The Power Team Pyramid: Who You Need Around You to Reach Big Goals

There’s a particular myth running through self-help culture that goes like this: if you’re truly driven, truly committed, truly determined, you can do it on your own. The lone-wolf entrepreneur. The self-made success. The grit-it-out-alone narrative.

It’s a beautiful story. It’s also, almost without exception, false.

Look closely at anyone who’s built something meaningful over years — a business, a body of work, a family, a recovery — and you’ll find a quiet network of people who held them up along the way. The mentors. The friends. The assistants. The contractors. The peers who got it. The mentor who gave the right advice at the right moment. The spouse who held things together during the hard years. The person who showed up with a casserole when no words would do.

In Make It Happen Blueprint, business coach Michelle McCullough quotes Jim Rohn’s famous line — “You are the average of the five people you spend the most time with” — and then offers a more useful framework: the Power Team pyramid, organized in three levels. Each level serves a specific purpose. Most people are weak in at least one. And the level you’re weakest in is usually the one quietly capping your growth.

This article walks through all three levels, helps you assess where your gaps are, and shows you how to start filling them.

The Pyramid

McCullough’s pyramid has three tiers. From bottom to top:

Foundational support — the people you delegate to.

Core friend support — the mutual relationships that sustain you.

Mentor support — the people who’ve walked the path ahead and can pull you forward.

Each tier has a different purpose. None of them is optional, though they look different at different stages of life. A college student’s foundational support might just be a study group. An entrepreneur’s might be virtual assistants, contractors, and a bookkeeper. A working parent’s might include childcare help, a house cleaner, and a meal service. The forms vary. The category stays consistent.

Let’s look at each.

Level 1: Foundational Support

The foundational tier is the base of the pyramid, and it’s the one most people undervalue.
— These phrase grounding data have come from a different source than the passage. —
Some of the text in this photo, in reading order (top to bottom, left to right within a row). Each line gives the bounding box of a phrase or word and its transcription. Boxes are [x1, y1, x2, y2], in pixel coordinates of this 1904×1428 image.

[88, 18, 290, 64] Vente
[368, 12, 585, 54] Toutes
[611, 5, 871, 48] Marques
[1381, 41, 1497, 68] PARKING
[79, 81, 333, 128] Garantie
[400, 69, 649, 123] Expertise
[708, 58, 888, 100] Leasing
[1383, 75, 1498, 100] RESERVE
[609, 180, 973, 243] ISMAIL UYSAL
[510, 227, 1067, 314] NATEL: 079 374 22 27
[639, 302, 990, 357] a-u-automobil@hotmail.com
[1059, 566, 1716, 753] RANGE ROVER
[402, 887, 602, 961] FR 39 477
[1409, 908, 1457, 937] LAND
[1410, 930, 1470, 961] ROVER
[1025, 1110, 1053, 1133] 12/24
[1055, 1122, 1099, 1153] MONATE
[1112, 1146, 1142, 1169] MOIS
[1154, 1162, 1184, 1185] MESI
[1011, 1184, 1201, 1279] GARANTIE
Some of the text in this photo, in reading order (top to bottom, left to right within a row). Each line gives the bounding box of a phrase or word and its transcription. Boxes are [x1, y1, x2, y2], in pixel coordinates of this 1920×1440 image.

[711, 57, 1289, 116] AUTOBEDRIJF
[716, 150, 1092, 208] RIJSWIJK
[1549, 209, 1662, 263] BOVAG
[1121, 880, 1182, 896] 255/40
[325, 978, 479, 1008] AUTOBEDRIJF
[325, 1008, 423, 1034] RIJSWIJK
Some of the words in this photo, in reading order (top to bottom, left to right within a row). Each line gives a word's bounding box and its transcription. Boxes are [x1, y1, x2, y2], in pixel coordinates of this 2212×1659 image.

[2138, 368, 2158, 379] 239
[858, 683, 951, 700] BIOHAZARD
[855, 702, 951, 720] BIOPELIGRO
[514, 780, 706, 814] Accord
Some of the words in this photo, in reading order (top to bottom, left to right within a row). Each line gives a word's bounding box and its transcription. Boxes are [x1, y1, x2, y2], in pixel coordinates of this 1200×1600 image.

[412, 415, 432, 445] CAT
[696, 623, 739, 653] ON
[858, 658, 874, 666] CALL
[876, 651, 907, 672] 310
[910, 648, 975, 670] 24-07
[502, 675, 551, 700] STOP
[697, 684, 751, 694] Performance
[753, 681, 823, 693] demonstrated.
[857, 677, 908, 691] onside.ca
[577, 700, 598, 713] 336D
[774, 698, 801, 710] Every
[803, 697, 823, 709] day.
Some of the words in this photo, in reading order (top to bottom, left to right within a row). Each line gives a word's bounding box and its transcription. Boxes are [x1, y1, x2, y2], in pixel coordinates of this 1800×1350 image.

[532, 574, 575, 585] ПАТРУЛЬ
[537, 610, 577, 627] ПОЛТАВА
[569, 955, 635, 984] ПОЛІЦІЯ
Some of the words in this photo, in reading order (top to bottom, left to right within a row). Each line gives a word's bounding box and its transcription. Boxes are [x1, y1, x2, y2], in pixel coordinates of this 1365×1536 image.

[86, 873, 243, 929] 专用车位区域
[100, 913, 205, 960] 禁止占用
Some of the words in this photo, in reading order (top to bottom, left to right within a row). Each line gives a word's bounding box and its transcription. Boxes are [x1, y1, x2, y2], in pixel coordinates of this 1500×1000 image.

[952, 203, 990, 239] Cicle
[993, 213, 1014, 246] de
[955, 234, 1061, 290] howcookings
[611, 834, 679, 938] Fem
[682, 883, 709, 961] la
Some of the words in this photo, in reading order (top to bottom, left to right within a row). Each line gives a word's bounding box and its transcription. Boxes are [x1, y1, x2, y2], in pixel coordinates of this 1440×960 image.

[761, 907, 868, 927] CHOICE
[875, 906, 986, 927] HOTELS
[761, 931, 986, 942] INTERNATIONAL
This is where you offload tasks that don’t require you specifically. McCullough divides these into two types: lower-level tasks (things that should be handled by an assistant, contractor, or someone at a different pay level) and skill-based tasks (things above your expertise or outside your strengths that someone else can do better).

The principle she cites from Ken Blanchard: all monkeys must be handled at the lowest organizational level consistent with their welfare. In plain terms — the most appropriate person, usually not you, should be doing the task. This isn’t about hierarchy or status. It’s about leverage. Time you spend doing what others could do is time you can’t spend doing what only you can do.

McCullough tells the story of a graphic designer client who was spending one to two hours a week on bookkeeping she hated and wasn’t good at. At her hourly rate as a designer ($75-100), that’s $150-200 a week of opportunity cost — plus the emotional drain of dreading something she resisted every week. When McCullough pointed out the math, hiring a bookkeeper became obvious.

The objection she hears most: I can’t afford it. The honest reframe is usually: I can’t afford not to. The hours you free up at your real hourly rate often more than cover the cost of the help — provided you actually use those hours for higher-leverage work.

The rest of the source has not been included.